Bien qu’elle fasse l’objet de nombreuses discussions et interprétations, la laïcité n’a jamais été définie juridiquement. La Déclaration des Droits de l’homme, la loi de 1905 ou, plus près de nous, des décisions de justice établissent certaines règles, mais les dirigeants associatifs ont de plus en plus de difficultés à répondre aux situations qu’ils rencontrent.

La Déclaration des Droits de l’homme et du citoyen de 1789 garantit que « nul homme ne doit être inquiété pour ses opinions, même religieuses ». La liberté de culte a été proclamée en 1791 et la loi de séparation de l’Église et de l’État de 1905 a assuré la liberté de conscience et de culte pour chacun en instituant la neutralité de l’État. Il faudra pourtant attendre le préambule de la Constitution de 1946 pour que le mot laïcité apparaisse dans un texte officiel. Elle est reprise dans la Constitution de 1958 qui, dans son article 1er, indique que « La France est une République­ indivisible, laïque, démocratique et sociale ».

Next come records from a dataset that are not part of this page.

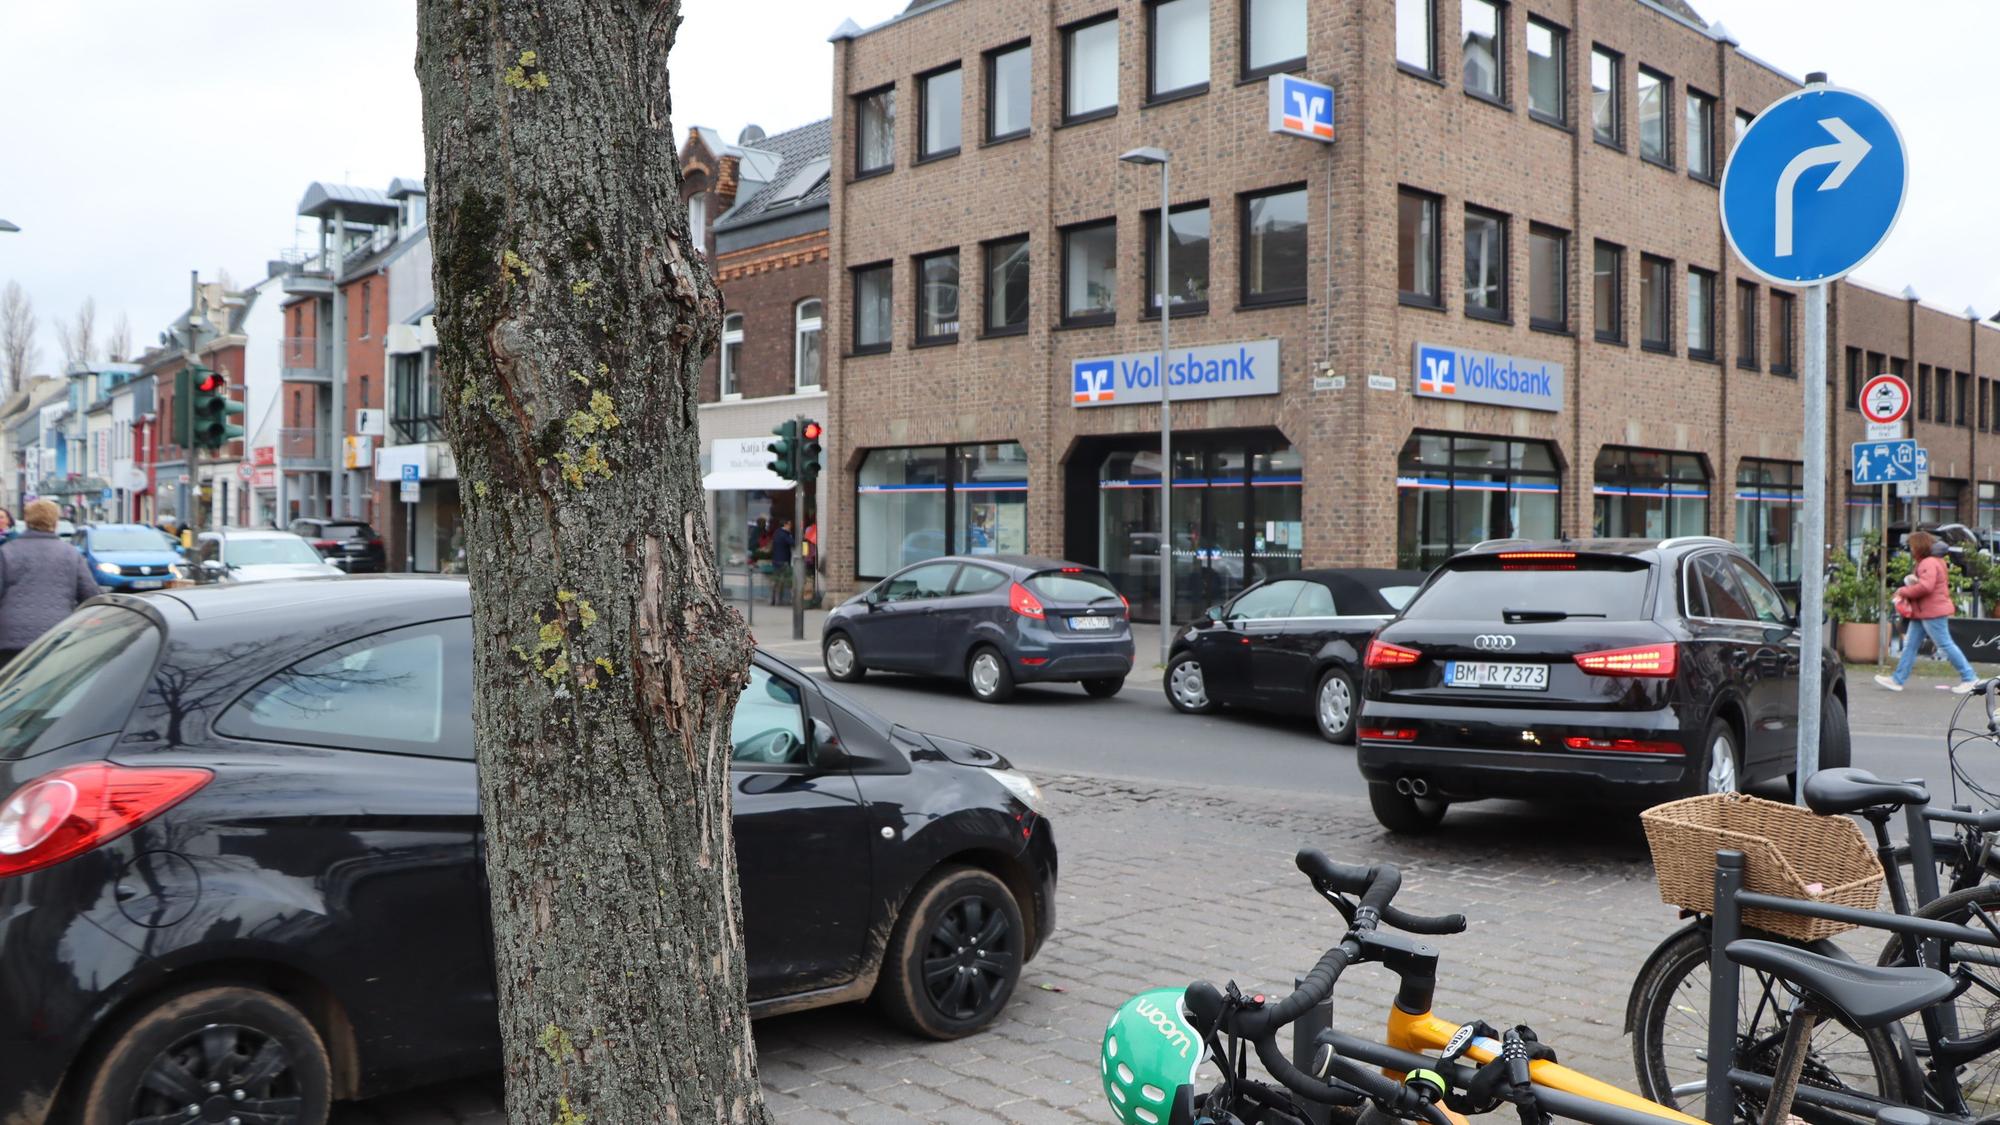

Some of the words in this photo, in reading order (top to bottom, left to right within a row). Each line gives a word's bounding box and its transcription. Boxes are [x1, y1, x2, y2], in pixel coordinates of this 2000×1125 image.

[1460, 355, 1552, 396] Volksbank
[741, 441, 760, 456] Katja
[1455, 664, 1477, 681] BM
[1487, 665, 1498, 682] R
[1503, 666, 1545, 684] 7373
[1135, 998, 1191, 1058] woom
[1446, 1028, 1469, 1053] ABUS
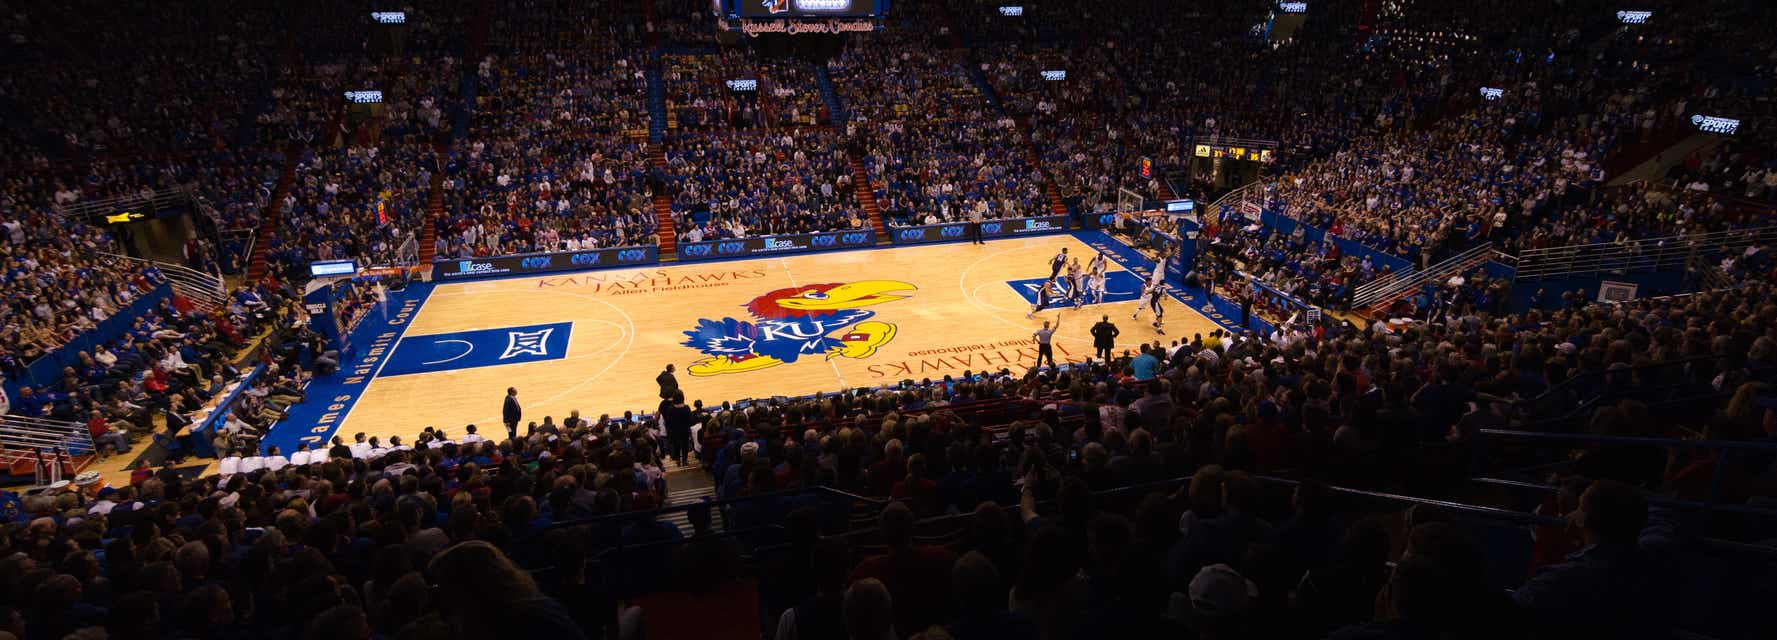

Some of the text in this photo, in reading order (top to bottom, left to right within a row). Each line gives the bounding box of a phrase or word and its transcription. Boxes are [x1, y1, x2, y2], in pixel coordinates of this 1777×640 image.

[740, 18, 874, 37] Russell Stover Candies
[594, 270, 766, 292] JAYHAWKS
[611, 288, 648, 296] Allen
[762, 320, 824, 341] KU
[908, 342, 996, 357] Fieldhouse
[300, 395, 351, 443] James
[342, 332, 397, 385] Naismith
[388, 299, 420, 326] Court

3 principes définissant la laïcité

L’Observatoire de la laïcité, créé en 2007 pour assister les pouvoirs publics dans leur action visant au respect du principe de laïcité, note, sans pour autant en donner une définition, qu’elle repose sur trois principes :

  • « La liberté de conscience et celle de manifester ses convictions dans les limites du respect de l’ordre public,
  • la séparation des institutions publiques et des organisations religieuses,
  • et l’égalité de tous devant la loi quelles que soient leurs croyances ou leurs convictions ».

La laïcité implique donc la neutralité de l’État, ce qui fait par exemple qu’un agent public en fonction ne peut en aucun cas manifester ses[…]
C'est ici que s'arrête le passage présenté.